Hi guys,
I have a question about adapter identification.
I have the raw fastq.tar.gz files from an RNAseq experiment.
I am trying to replicate the pre-processing of a service provider as a learning experience. I have run the FastQC and see that the quality is good and generally all seems correct. The over-represented sequences does not contain any sequences. So all looks well. Now I am trying to trim off the adapters but alas I do not know which adapters were used so I though if I provided the illumina_adapters.fa and to cutadapt (Version 1.4.1) using the following command line:
cutadapt -b file:illumina_adapters.fa -m 15 -O 10 -e 0.1 Sample_file.fastq -o trimmed_Sample_file.fastq
I am using the same parameters as the service provider however when I run it this way I seem to trim approximately 3,000 reads but the service provider trims only 500 reads.
Using the
P5 - AATGATACGGCGACCACCGA
Reverse compliment P7 - TCGTATGCCGTCTTCTGCTTG
Sequences I am able to pull what I think are adapter dimers. If this is the case am I correct in thinking I should be able to find the adapter sequence?

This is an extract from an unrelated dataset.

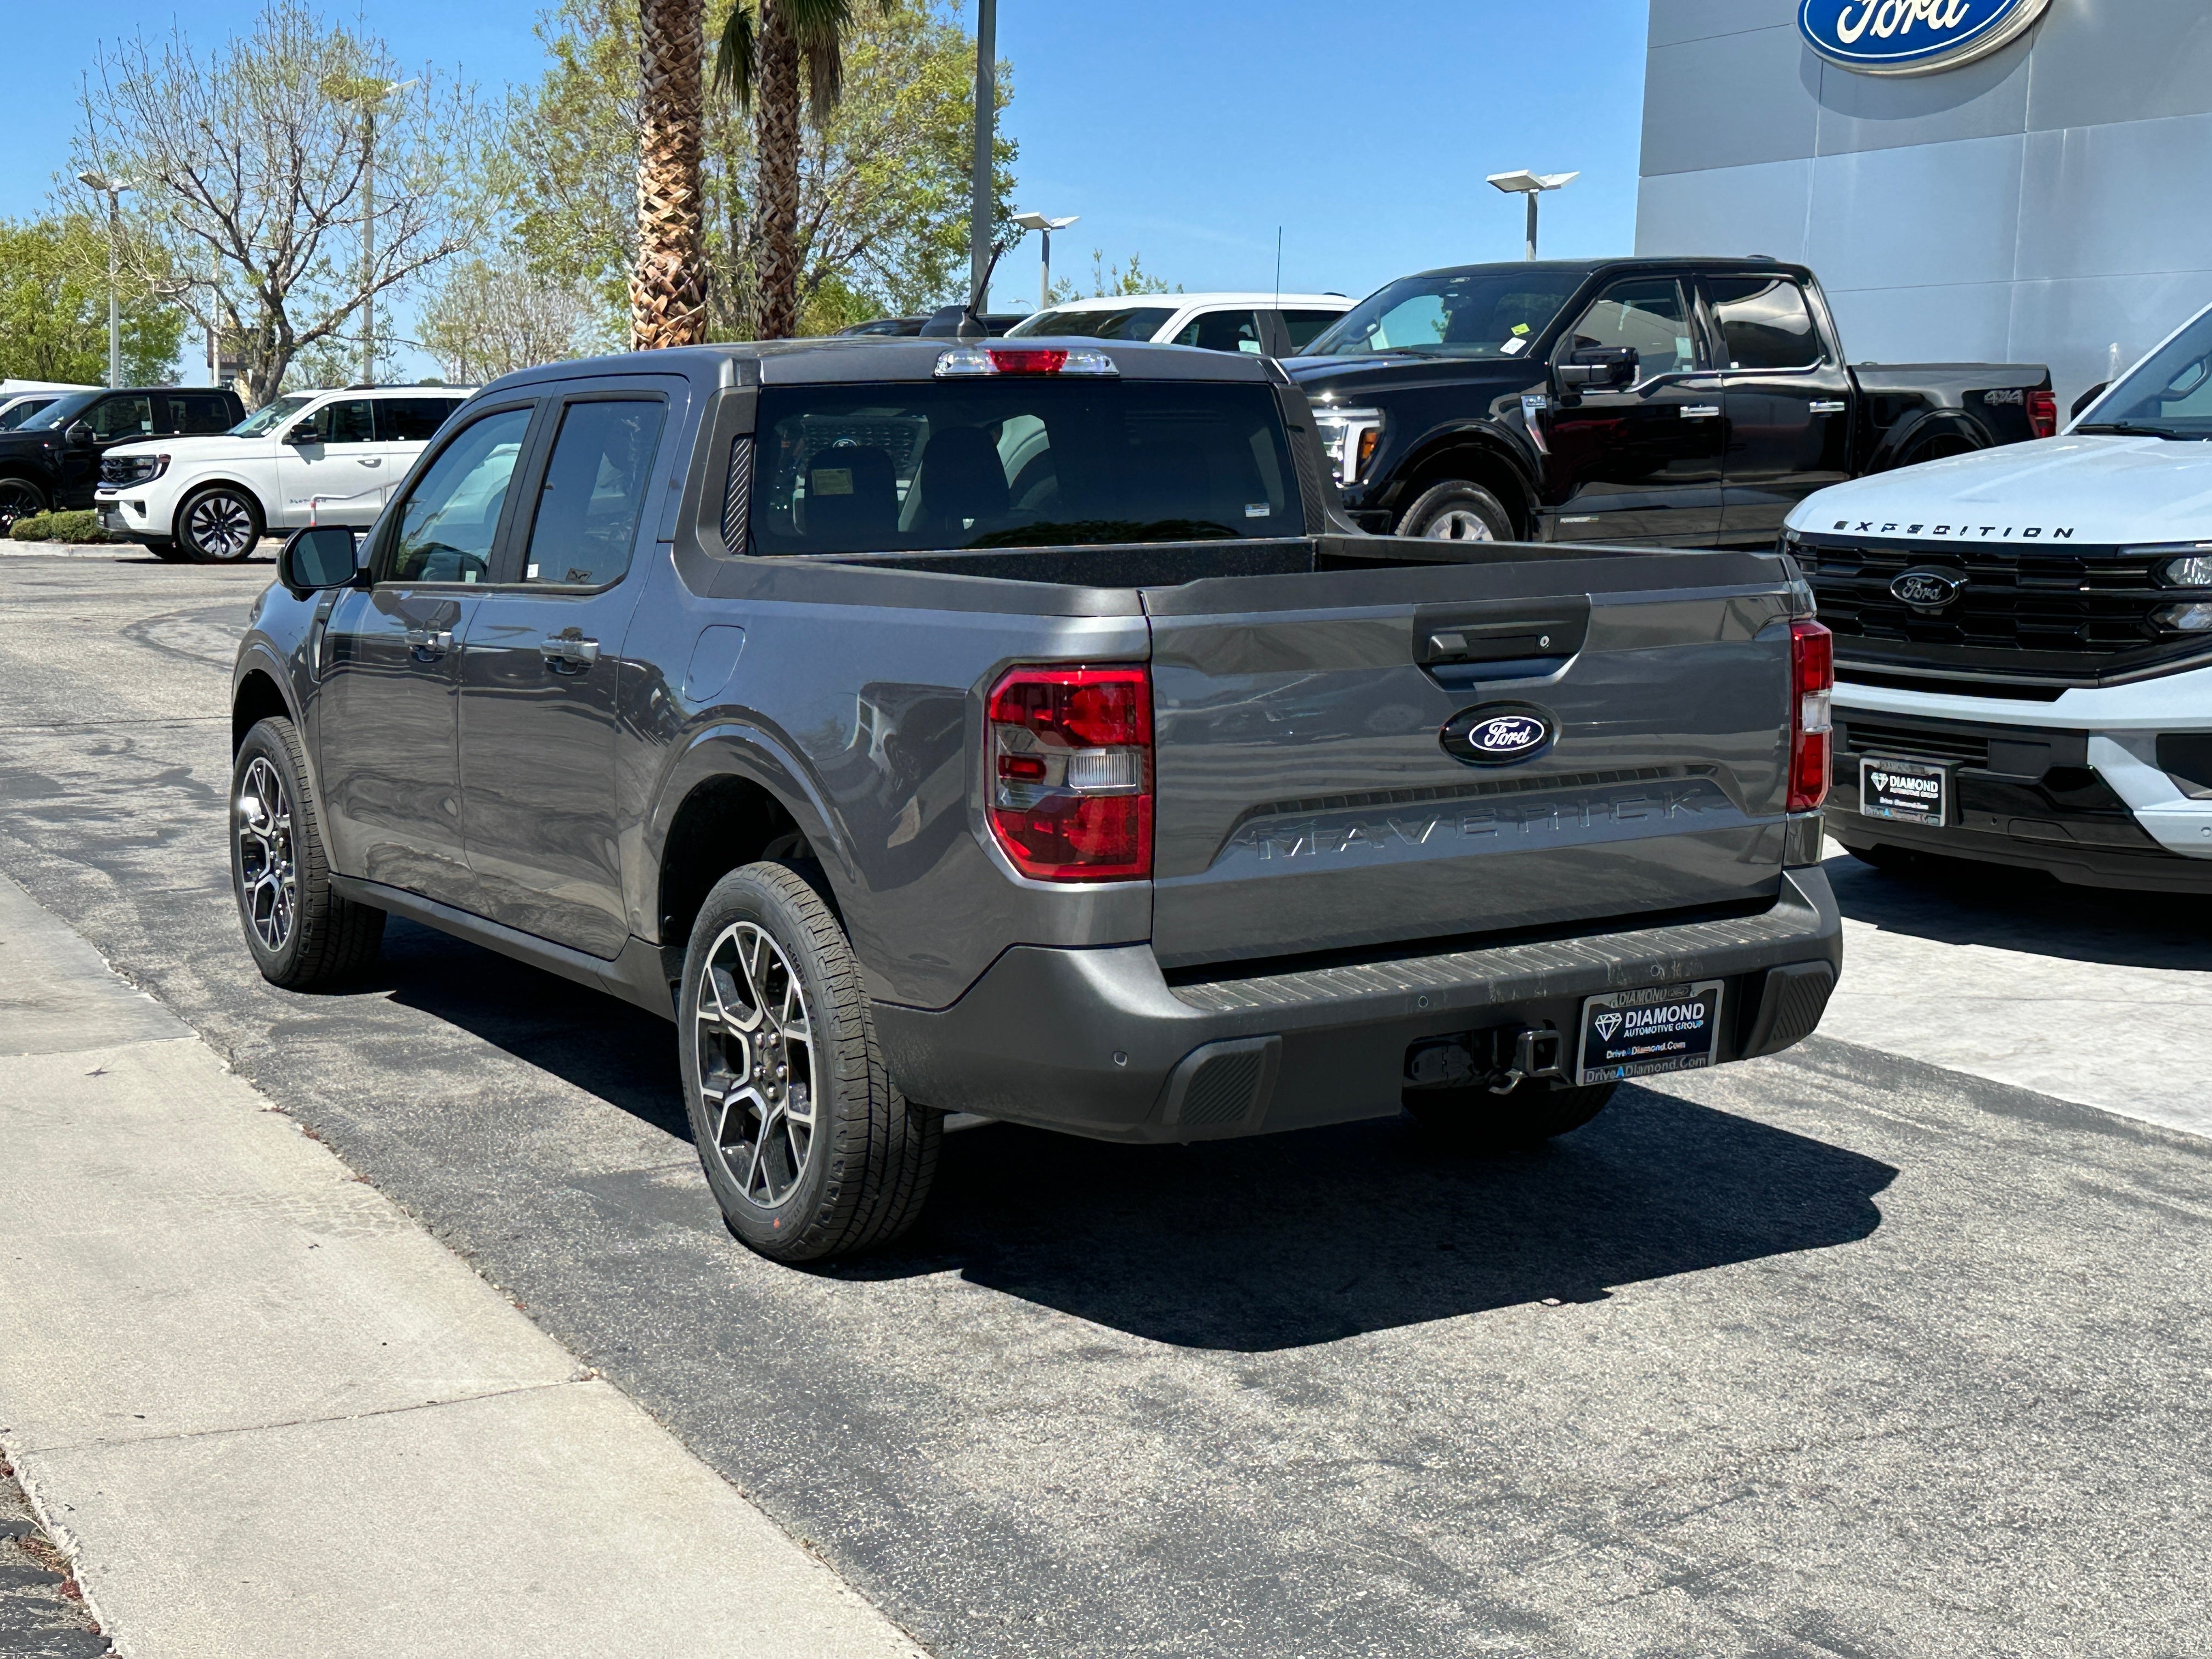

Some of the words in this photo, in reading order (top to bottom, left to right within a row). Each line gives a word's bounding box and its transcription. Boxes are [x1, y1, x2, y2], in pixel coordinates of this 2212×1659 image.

grep 'P5 Sequence' Sample_file.fastq
GCTTCTGTAATTGAAAACCTAGAT-AATGATACGGCGACCACCGA-ACAAAGT
GCTTCTGTAATTGAAAACCTAGAT-AATGATACGGCGACCACCGA-ACACAGT
GCTTCTGTAATTGAAAACCTAGAT-AATGATACGGCGACCACCGA-ACACTGT
GCTTCTGTAATTGAAAACCTAGAT-AATGATACGGCGACCACCGA-ACACTGT
CTAAAGCTTCACACTTGATC-AATGATACGGCGACCACCGA-ACCCACTTTGC
grep 'P7 Sequence' Sample_file.fastq
CAAATGTATTTTAATAAGGTGATG-`TCGTATGCCGTCTTCTGCTTG-`AAAAAA
CTAAAGCTTCACACTTGATCAGGGATC-TCGTATGCCGTCTTCTGCTTG-AAA
CTAAAGCTTCACACTTGATCAGGTATC-TCGTATGCCGTCTTCTGCTTG-AAA
CTAAAGCTTCACACTTGATCAGGTATC-TCGTATGCCGTCTTCTGCTTG-AAA
CTAAAGCTTCACACTTGATCAGGTATC-TCGTATGCCGTCTTCTGCTTG-AAC
GTCGATGAGAGCCCAGAAATGTGAGAAAA-TCGTATGCCGTCTTCTGCTTG-A
Which part would be the adapter in this case?
Thanks in advance
It's always good to know from your service provider, which kit was used for preparing libraries.